Meu passado? Meu passado comporta tudo! Nele cabem
todas as coisas que não vingaram... Nele estão todas as sementes que não
morreram e deixaram de produzir vida... Frutos... Alimento.
Meu presente é insuportável!! Nele está a realidade
dura, fria e desumana. Não sou homem, sou bicho, sou Diógenes de Sínope,
conhece? É o único filósofo que se parece comigo. Já ouviu falar? A diferença
entre nós é que a situação dele foi escolha e a minha foi... a minha foi... não
lembro doutô, não lembro como cheguei aqui.
Mentira, eu lembro, mas me engano, ou melhor, finjo
doutô. Finjo que me engano para fingir que me esqueço.
Me engano porque fujo, me engano porque quero
esquecer. Mas a lembrança é igual fome, quando a gente materializa no
pensamento dói e eu não quero mais doer. Então bebo água pra passar...a fome,
claro.
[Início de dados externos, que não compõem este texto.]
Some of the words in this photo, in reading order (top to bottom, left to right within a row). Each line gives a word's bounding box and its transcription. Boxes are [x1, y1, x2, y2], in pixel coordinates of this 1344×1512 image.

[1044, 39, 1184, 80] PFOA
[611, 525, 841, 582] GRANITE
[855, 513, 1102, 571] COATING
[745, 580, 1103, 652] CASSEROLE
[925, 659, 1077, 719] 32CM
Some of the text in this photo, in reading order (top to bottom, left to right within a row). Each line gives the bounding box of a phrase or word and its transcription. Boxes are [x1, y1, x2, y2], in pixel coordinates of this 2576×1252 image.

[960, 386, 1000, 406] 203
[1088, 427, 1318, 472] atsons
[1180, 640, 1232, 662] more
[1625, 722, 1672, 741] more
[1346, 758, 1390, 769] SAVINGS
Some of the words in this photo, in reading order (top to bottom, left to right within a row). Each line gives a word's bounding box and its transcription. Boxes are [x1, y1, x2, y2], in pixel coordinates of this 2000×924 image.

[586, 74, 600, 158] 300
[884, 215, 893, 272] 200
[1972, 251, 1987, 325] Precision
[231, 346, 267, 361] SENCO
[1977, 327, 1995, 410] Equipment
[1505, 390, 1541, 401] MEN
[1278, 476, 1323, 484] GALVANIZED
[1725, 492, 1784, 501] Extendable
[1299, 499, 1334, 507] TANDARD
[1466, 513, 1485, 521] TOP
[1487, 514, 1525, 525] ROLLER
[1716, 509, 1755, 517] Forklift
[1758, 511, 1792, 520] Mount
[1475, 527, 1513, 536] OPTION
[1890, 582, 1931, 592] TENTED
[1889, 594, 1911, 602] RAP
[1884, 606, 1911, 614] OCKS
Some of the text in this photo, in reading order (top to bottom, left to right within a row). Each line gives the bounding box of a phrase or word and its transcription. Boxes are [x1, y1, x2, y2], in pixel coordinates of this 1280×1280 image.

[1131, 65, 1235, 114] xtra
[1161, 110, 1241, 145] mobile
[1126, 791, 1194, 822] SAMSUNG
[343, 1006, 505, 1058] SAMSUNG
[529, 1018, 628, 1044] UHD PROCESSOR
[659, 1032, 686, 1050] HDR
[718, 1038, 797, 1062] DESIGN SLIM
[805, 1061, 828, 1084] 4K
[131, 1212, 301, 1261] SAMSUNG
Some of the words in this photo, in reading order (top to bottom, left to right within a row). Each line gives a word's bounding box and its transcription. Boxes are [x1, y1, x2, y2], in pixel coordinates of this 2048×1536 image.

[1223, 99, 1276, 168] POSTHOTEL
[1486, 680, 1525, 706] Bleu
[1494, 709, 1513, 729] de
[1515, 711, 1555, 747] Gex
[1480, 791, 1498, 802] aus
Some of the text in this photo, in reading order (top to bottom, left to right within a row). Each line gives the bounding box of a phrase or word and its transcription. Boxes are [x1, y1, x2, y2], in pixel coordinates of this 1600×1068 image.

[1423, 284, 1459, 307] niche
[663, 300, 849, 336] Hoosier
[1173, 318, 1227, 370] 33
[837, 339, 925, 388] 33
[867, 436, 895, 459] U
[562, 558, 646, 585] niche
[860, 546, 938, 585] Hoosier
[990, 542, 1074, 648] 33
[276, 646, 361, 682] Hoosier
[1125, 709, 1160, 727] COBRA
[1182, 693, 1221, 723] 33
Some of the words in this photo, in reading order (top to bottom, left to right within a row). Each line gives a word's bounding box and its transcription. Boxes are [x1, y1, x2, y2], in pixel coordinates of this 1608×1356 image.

Mas bebo a marvada pra passar a lembrança. Eu bebo para não doer.
Minha cama é de concreto. Meu teto é feito de nuvens
que também não tem onde morar. Meu cobertor é o jornal e essa manta com cheiro
de mijo e de merda. Meu restaurante é self service, o cardápio é variado é só
saber procurar bem nos lixos que existem por aqui. Meu presente é insuportável
doutô. Não sou Atlas e nem quero tentar.
Mas olha, meu futuro é expansivo... tão grande como
minhas ilusões que acreditam que nele cabe tudo o que eu queira. Minhas ilusões
forram meu prato vazio. No meu prato vazio e no meu vazio, doutô, cabem todas
as coisas... a fome, a dor, a mágoa e o olhar que mira o futuro que não
comporta meu presente; o meu futuro que se esvazia do que me completa hoje, a
miséria.
Eu posso falar, tenho voz, mas há anos não a uso. Não
por falta de vontade, mas por falta de ouvinte. Sou fedido doutô; sou sujo
doutô; sou feio. Eu afasto, eu assusto. Eu não sou bicho, eu sou monstro...
Os acenos que dou voltam tão vazios como esse prato
aqui, óh... Não gosto da conjunção “como” porque
ele come enquanto eu padeço.
Sou instruído doutô! Viver na rua não nos deixa
ignorantes, nos deixa invisíveis.
Hoje peguei meu saco preto de catar latinha e fui
catar latinha.
Era 13h04 naquele grande relojão. Num lixo, em
frente a um restaurante, aquele cheiro fazia meu estomago falar bem alto.
Pela janela eu vi o prato daquela moça.
Do lado de cá, do lado de fora, do lado do lixo não
era minha boca que se enchia de água, eram meus olhos!